Some 6,000 to 7,000 visitors showed up Saturday for Jefferson Lab's biennial open house, more than twice as many as expected.
"I'm surprised, especially on so windy a day," said Linda Ware, public affairs manager for the sprawling research center off Jefferson Avenue just north of Oyster Point Industrial Park.
Although the grounds had the ambience of a fair, with food vendors scattered about, the wind was not a factor with the exhibits, which were inside buildings or in a tunnel five flights of stairs underground.
Visitors wandered freely into the exhibit areas, where lab employees were stationed at critical points to explain the often esoteric features of their work.

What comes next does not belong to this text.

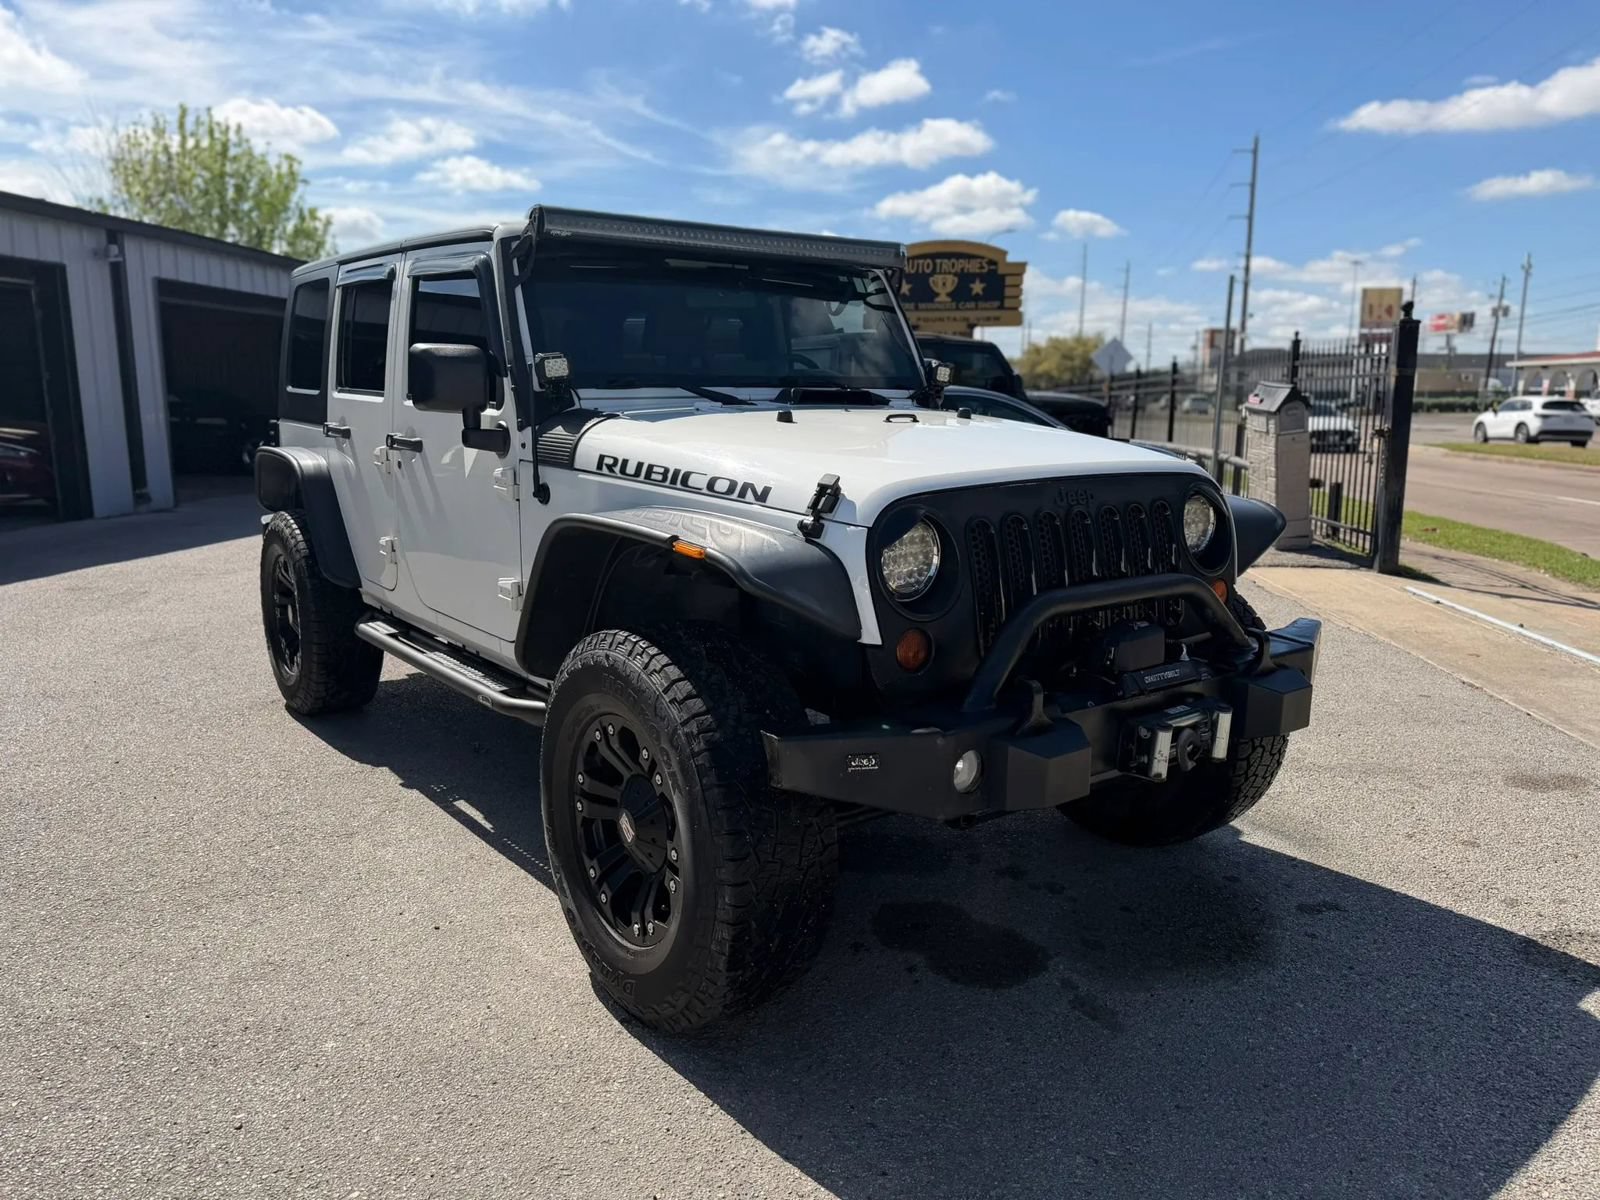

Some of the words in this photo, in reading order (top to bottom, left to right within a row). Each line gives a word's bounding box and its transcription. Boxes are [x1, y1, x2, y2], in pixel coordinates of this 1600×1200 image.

[903, 258, 933, 274] AUTO
[935, 258, 989, 274] TROPHIES
[595, 453, 773, 504] RUBICON
[1056, 487, 1096, 507] Jeep

Boiled down to its simplest concept, the lab enables researchers to push electrons around a circular tunnel at speeds approaching that of light, then analyze what happens when the electrons hit other particles and break up into components.
Among the many visitors to the underground tunnel, which was shut down for the day, were some of Jefferson Lab's 650 employees.
"We don't get to see the tunnel," said Ware, explaining that dangerous levels of radioactivity are given off in the tunnel when it's being used.
The main reason for opening the center to the public, she said, is because it's funded by tax dollars. "It matters for the taxpayers to see what we do. It's even more important in lean budget years, like now," Ware said.
President Bush's proposed budget for 2006 would cut Jefferson Lab's funding from $85.9 million to $79 million.
Scientists from all over the world use the lab. Japan is represented in an experiment set up in one of three experimental halls. In this experiment, giant microscopes known as spectrometers examine the results of racing electrons that break up under the spectrometer's eyes. A visitor asked Terry Carlino, an operations crew chief who was serving as a guide in the lab's control center, what good can come from this research. Before Carlino could answer, another visitor, also a lab employee, noted that any research advancement — no matter how seemingly insignificant — can provide a crucial step for scientists in future experiments.
Carlino agreed but pointed out one practical application that's already emerged from research at Jefferson Lab — technology that gives higher resolution in cancer detection, on X-rays and in MRIs, he said.